Tomas, a veteran teacher at Orchard View Elementary in Delray Beach, and Starbuck, teacher at Lawton Elementary in Oviedo, are professionally trained to coach other teachers to up their game. And, they are among hundreds of Florida teachers who have learned the best practices of being teacher-coaches by completing a yearlong Instructional Coaching Program developed by the Lastinger Center for Learning, the education innovation incubator at the University of Florida College of Education.
The idea is simple. If athletes like NFL quarterback Tom Brady and tennis superstar Serena Williams have coaches why not teachers?
Teacher coaches meet regularly with their peers, observe them in action in their classroom and may even review video or audio recordings — as if they were going over a game film. They provide teachers all manner of support, such as modeling proven teaching methods, interpreting data like classroom metrics and test scores, and fine-tuning instructional strategies to spur student engagement and learning.

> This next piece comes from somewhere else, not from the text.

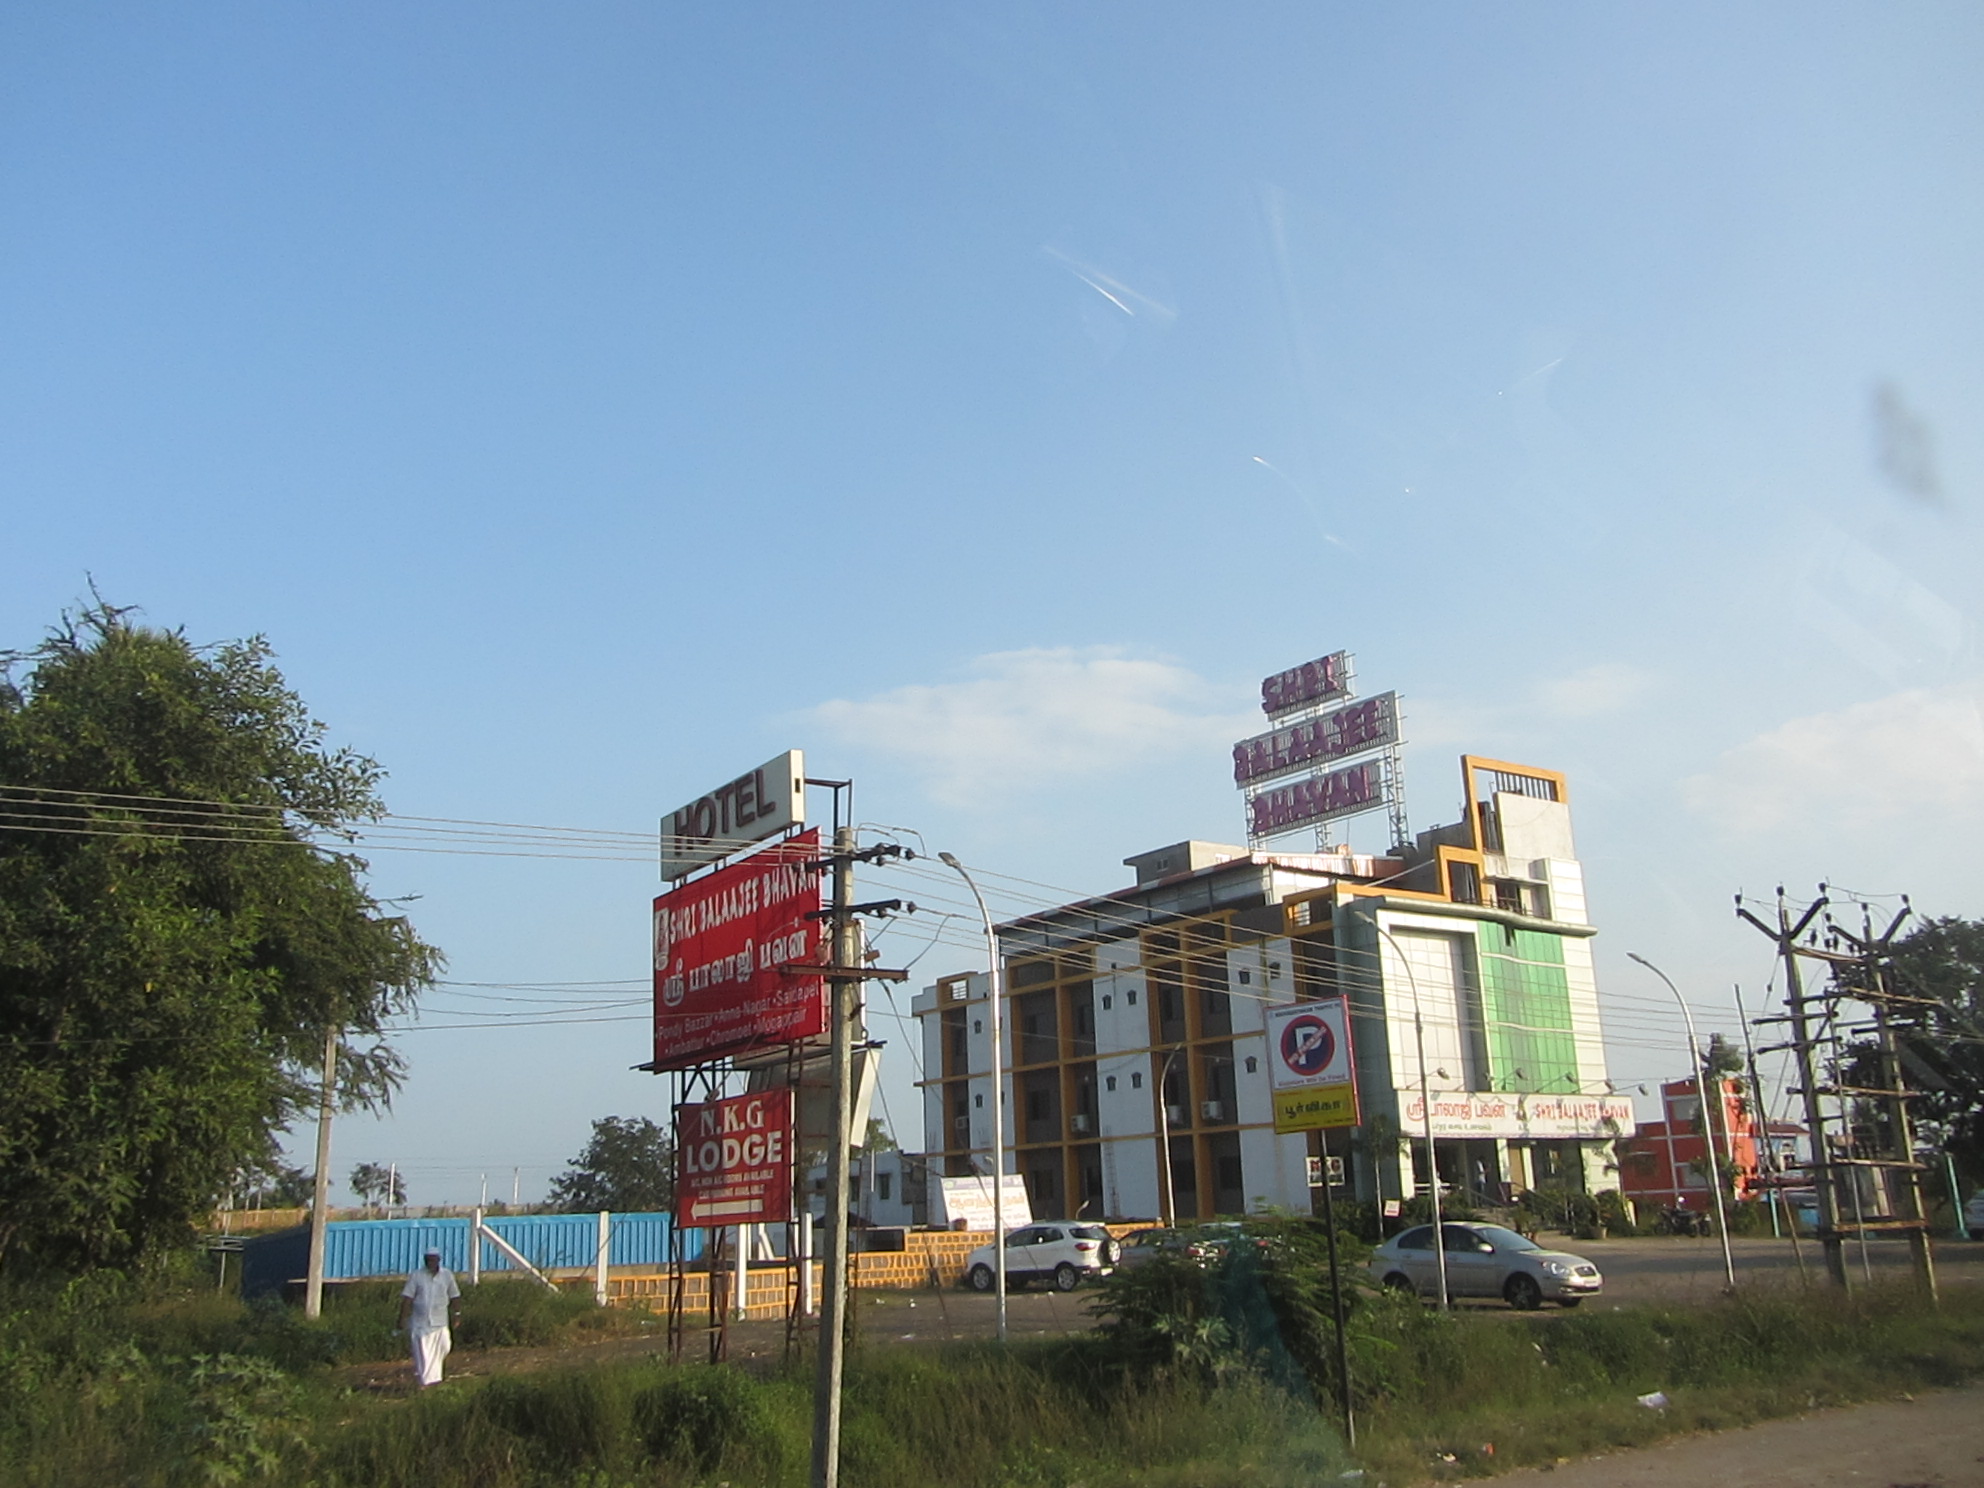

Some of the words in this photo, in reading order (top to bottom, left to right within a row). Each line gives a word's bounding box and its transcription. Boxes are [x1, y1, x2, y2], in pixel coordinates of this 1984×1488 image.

“I couldn’t imagine becoming effective without the coaching I’m receiving,” says Mike Fielder, who this fall began his second year as a second-grade teacher after switching careers. Once a week, Starbuck meets with Fielder for instructional coaching sessions. “I’d have fumbled through my first year without her assistance.”
The UF Lastinger Center has worked with seven Florida school districts – Alachua, Duval, Indian River, Miami-Dade, Orange, Palm Beach and Seminole – to implement formal peer-coaching programs.
Since 2013, when Palm Beach County partnered with the Lastinger Center to launch its peer-coaching initiative, roughly 190 coaches in 100 schools have become certified teacher coaches. Seminole County, which launched its peer-coaching initiative four years ago, is aiming to have four UF certified coaches in each of its schools, says Pam Ferrante, lead facilitator for the district’s teacher-coaching program. The district is using federal grants to pay for the coaching program and district funds to pay substitute teachers to cover for teachers when they attend training sessions.
Research has shown effective coaching can enhance a teacher’s practice, lessen teacher turnover and improve student learning. The best coaches are carefully selected for their skills and desire to teach teachers. And, they receive specialized training in proven coaching methods. One reason having a trained coach is effective, teachers say, is it’s a relationship completely separate from official performance reviews. In contrast, coaching is a collaborative process solely designed to improve a teacher’s effectiveness.
Unfortunately, a majority of teachers say they don’t receive regular professional coaching. Nationwide, slightly less than half of teachers reported receiving coaching and only 12 percent had weekly coaching sessions, according to a 2014 study conducted by the Bill & Melinda Gates Foundation.
Last fall, the Lastinger Center for Learning, Learning Forward and Public Impact jointly released the report, “Coaching for Impact: Six Pillars to Create Coaching Roles that Achieve Their Potential to Improve Teaching and Learning,” designed to develop a framework and conversation about the importance of teacher coaches.
To tap into the transformative power of coaching, leaders in districts and schools need to make instructional coaching an important part of their overall strategy for school improvement. This means selectively recruiting teachers to serve as coaches, ensuring coaches share the responsibility for student learning and providing coaches additional pay.
As we search for ways to better educate our children in an increasingly competitive world, we can’t afford to overlook providing teachers with the coaching support they need to improve their performance.
In the end, just as on the football field, success in the classroom takes practice, teamwork and good coaching.
Don Pemberton is director of the Lastinger Center for Learning; Phil Poekert is assistant director.